Music Webmaster Len Mullenger
A SEVENTY-EIGHTH GARLAND OF BRITISH LIGHT MUSIC COMPOSERS
We begin in turn-of-the-century Doncaster with HARRY MCKENZIE (1858-1915), Organist of Oxford Place Methodist Church, Headmaster of Oxford Place School and from 1894 to 1900, Conductor of Doncaster Musical Society, whose compositions, often suited to children, included hymns, songs and light instrumental pieces; Cavatina and Cradle Song, both for violin (McKenzie was also a violinist) and both of which have been revived in concert in Doncaster in the past generation); Berceuse and Gavotte in D, for organ. The Gavotte was orchestrated and other light orchestral pieces included Festival March in D for a children's festival in 1890, Britannia March, for the Coronation of 1911, a "polka march", Le Tambour, used in 1908 as entr'acte music for a play, and at least one other polka.
An earlier Doncaster organist, of (the Anglican) Christ Church, between 1880 and 1888, was WALTER SPINNAY (1852-94), who came from a family of church musicians (his father was Organist of Salisbury Cathedral). Apart from a quantity of church music he composed some lighter pieces: three marches and Nocturne and Daybreak for organ, the amusing Swiss Clock, Tuning Key Waltz, The Murmuring Winds, The Festal Day and The Primrose for piano, the occasional ballad and a full-length operetta, The Whack'em Academy, performed in Doncaster in 1882. Like so many of our Victorian musicians he died before his time.
Also from the Doncaster area was WILLIAM WILLIAMS (1885-1937), a cousin of Tom Williams (later Lord Williams) the Labour politician and conductor of the Barnborough Main Orchestra (yes, orchestra not band), who was credited with the music for a documentary about coal-mining, Black Diamonds and the light orchestral pieces Happy Memories and Imps and Play.
The present day Doncaster peripatetic tutor James Belbin Wood, whose principal instrument is double bass, has also conducted various orchestras and two of his lightish orchestral pieces are worthy of our notice: a Prelude, reminiscent of film music of the 1940s, and a potpourri of music hall tunes entitled An Edwardian Overture.

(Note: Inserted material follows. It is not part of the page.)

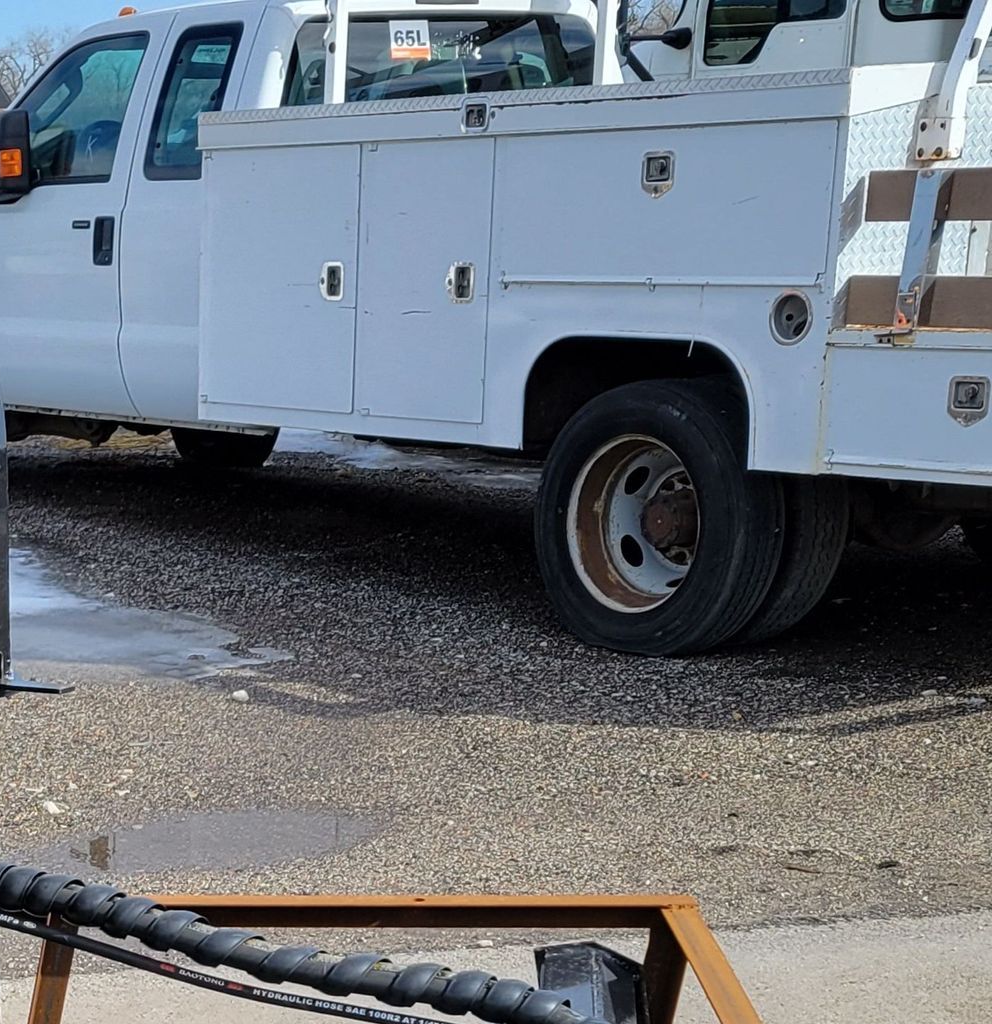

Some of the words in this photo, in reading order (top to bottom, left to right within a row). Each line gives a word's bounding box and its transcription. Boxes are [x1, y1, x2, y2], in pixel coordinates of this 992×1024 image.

Newby Mexborough's Prince of Wales Theatre had a long history; one of its Directors of Music, around 1900, W.C. Pike, composed doubtless for its orchestra, a waltz, Marroneta and Le Sylph.

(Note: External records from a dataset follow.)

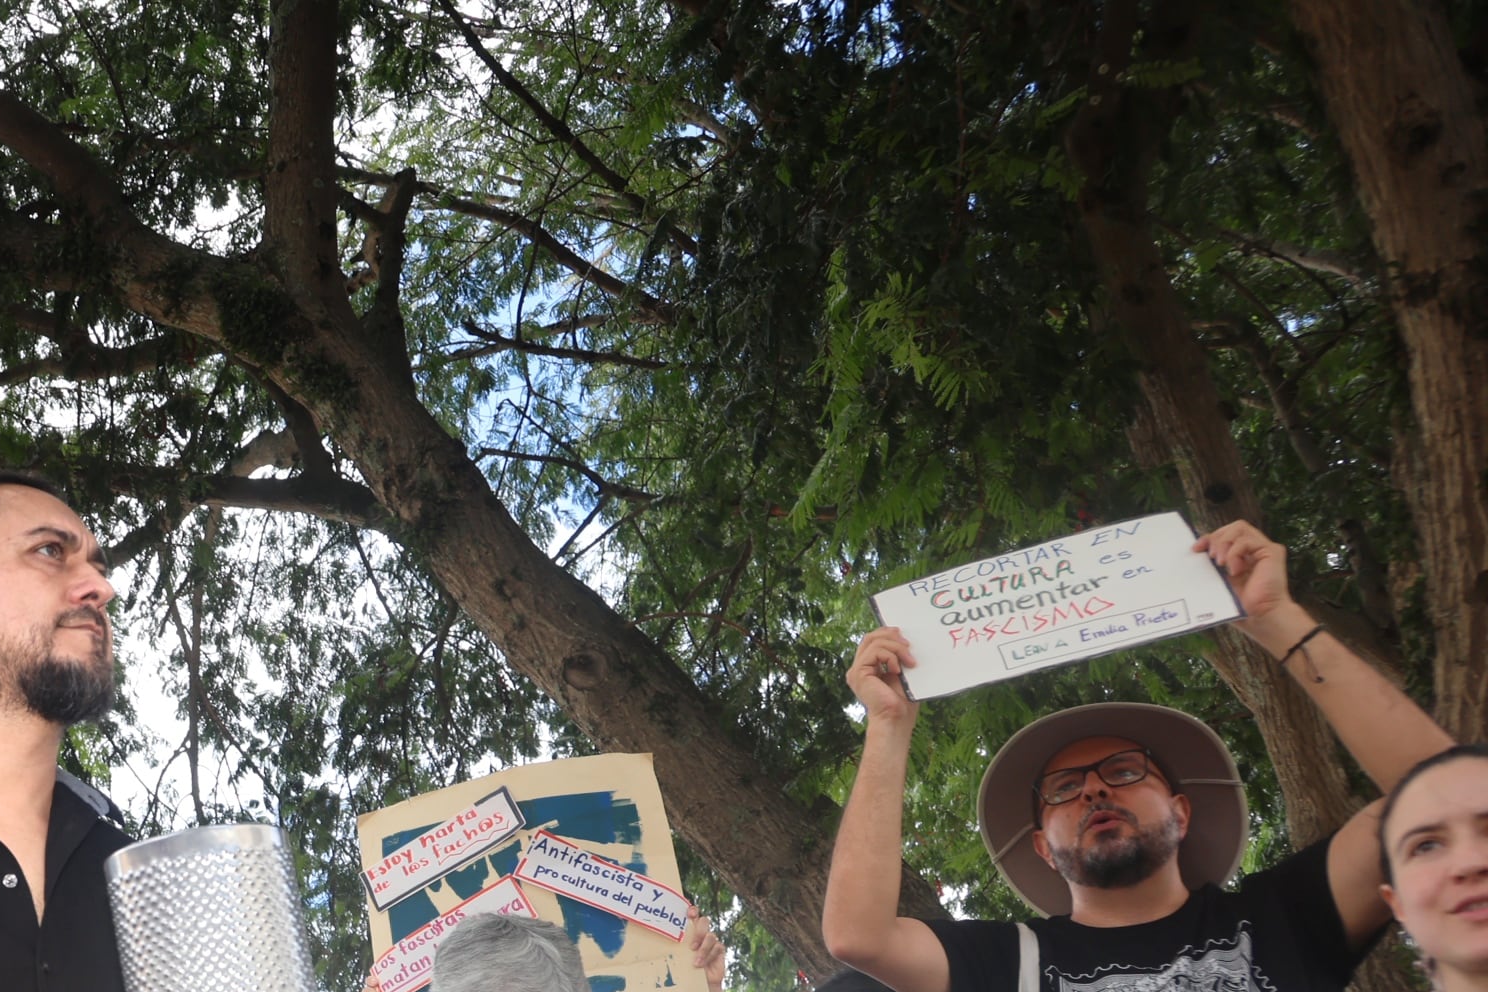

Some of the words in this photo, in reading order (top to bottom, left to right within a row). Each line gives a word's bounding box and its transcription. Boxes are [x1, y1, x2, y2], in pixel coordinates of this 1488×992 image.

[909, 543, 1072, 596] RECORTAR
[1091, 522, 1141, 546] EN
[931, 559, 1075, 609] CULTURA
[1099, 550, 1133, 565] es
[941, 576, 1109, 626] aumentar
[1122, 566, 1153, 579] en
[949, 597, 1115, 648] FASCISMO
[1079, 624, 1129, 643] Emilia
[367, 848, 414, 881] Estoy
[374, 879, 391, 894] de
[402, 857, 430, 876] l@s
[527, 838, 644, 891] ¡Antifascista
[533, 864, 559, 879] pro
[561, 874, 609, 897] cultura
[612, 891, 633, 906] del
[634, 902, 687, 930] pueblo!
[398, 909, 466, 956] fascistas
[381, 954, 432, 992] matan

We conclude with two bandmasters better known as performers but who showed much ability as arrangers/composers. ALEXANDER OWEN (1851-1920), a Lancaster man by birth, trained as a military bandsman but he was involved with brass bands from the age of sixteen, later conducting Black Dyke (and other bands) with success in the Open Championships and other competitions. His most famous arrangement was Reminiscences of Rossini, a party piece kept for competitions, his march Around the World achieved popularity.
J. MACKENZIE ROGAN, M.V.O. was similarly the highest profile military band conductor of his era. He conducted the Band of H.M. Coldstream Guards between 1896 and 1920 and made many gramophone records with them. Few of these were his own compositions but his march The Bond of Friendship was often played, as were his novelty selections Festival of Empire and Church Parade.